Grosse Hoffnung auf bessere Kostenkontrolle

Den Kontakt zum DV-Dienstleister nehmen in zwei Drittel aller Faelle nicht die DV-Verantwortlichen, sondern die Controlling- Abteilung beziehungsweise der Vorstand auf. Wie Orga-Prokurist Erich Zimmermann ausfuehrt, geht es den Verantwortlichen um eine Kuerzung des DV-Budgets. Der Controller sei deshalb der Ansprechpartner des Dienstleisters, weil er dafuer verantwortlich sei, den Rotstift anzusetzen, und nicht der IT-Manager.
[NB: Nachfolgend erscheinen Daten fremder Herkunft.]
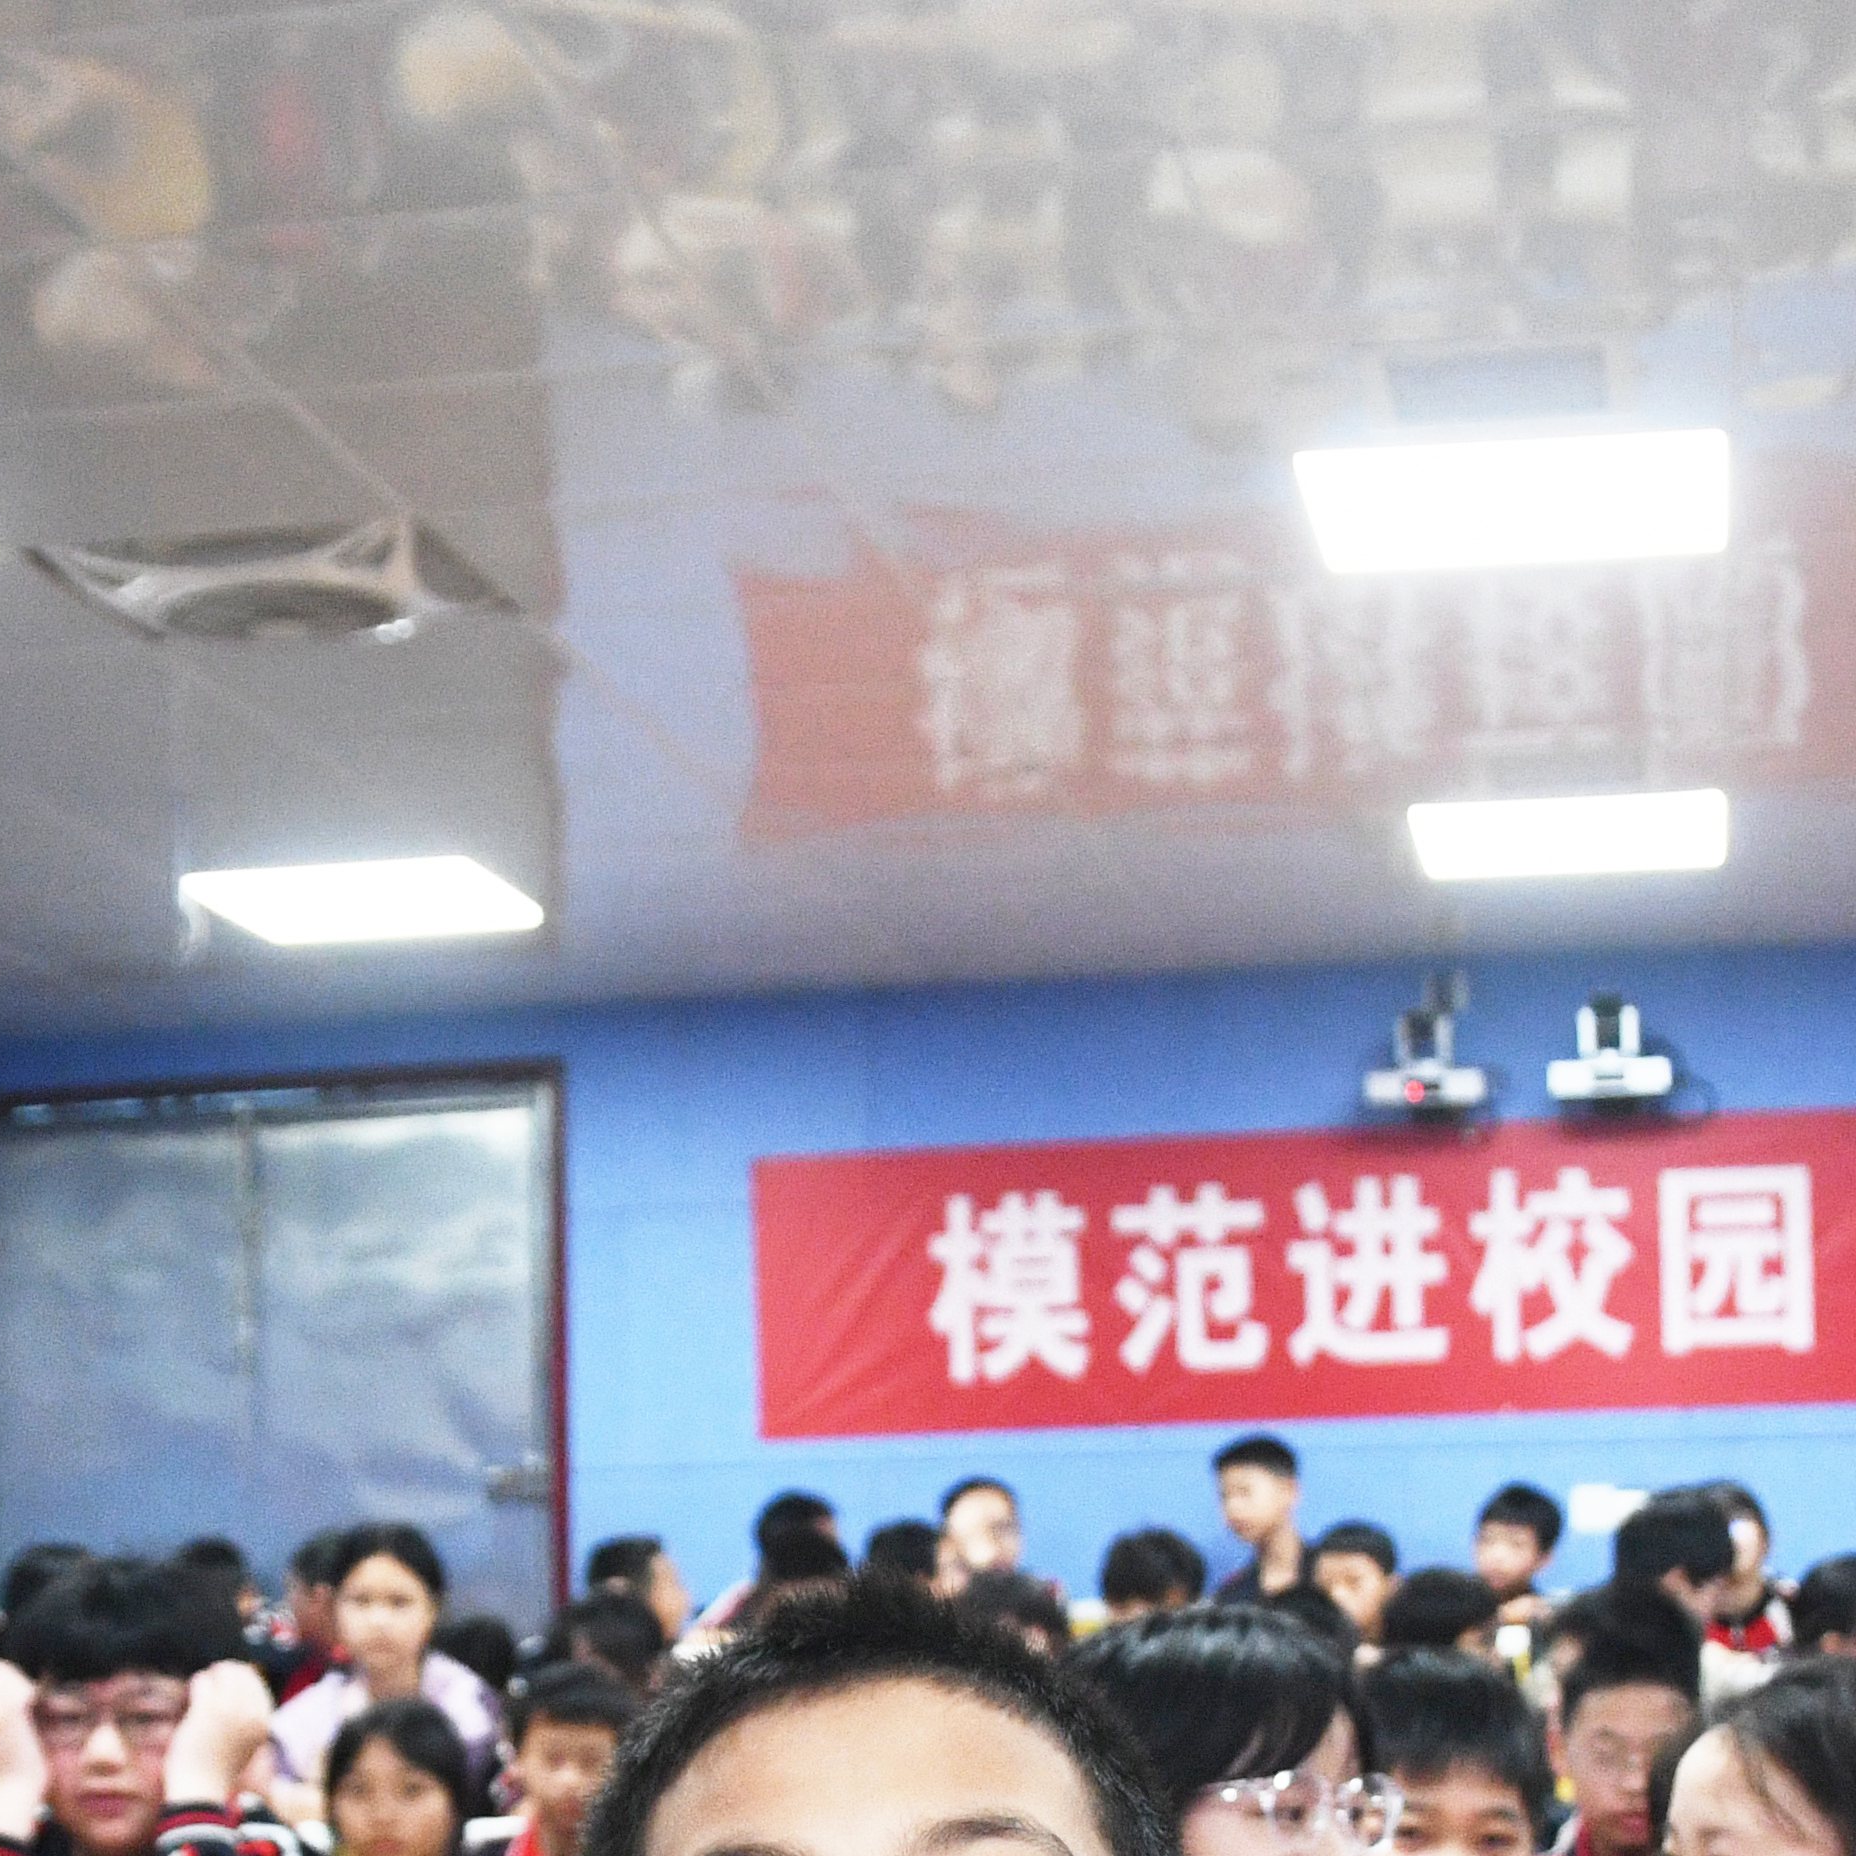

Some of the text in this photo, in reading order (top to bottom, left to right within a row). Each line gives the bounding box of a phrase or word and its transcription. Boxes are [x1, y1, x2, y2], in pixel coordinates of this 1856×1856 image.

[927, 1162, 1816, 1387] 模范进校园
Etwa 34 Prozent der Unternehmen erwarten von der DV-Auslagerung positive Kosteneffekte bei den Investitionen, knapp 39 Prozent rechnen zudem mit Einsparungen bei den laufenden Kosten fuer das operative Geschaeft. Optimistischer als die selbstaendigen Unternehmen sind die befragten Tochtergesellschaften aus den Firmenverbuenden. Sie rechnen sogar zu 44 beziehungsweise 46 Prozent mit einer Reduzierung der DV-Ausgaben.

Es ist aber nicht nur der oekonomische Nutzen, der das Outsourcing interessant macht. Eine groessere Bedeutung haben die zu erwartenden Vorteile bei der Abloesung bestehender Individualsysteme durch Standardsoftware. War noch vor wenigen Jahren die Euphorie gross, dass spezifische Unternehmensprozesse mit Individualloesungen abgebildet werden konnten, so herrscht heute Katerstimmung. Die Nachfrage nach Standardsoftware ist groesser denn je.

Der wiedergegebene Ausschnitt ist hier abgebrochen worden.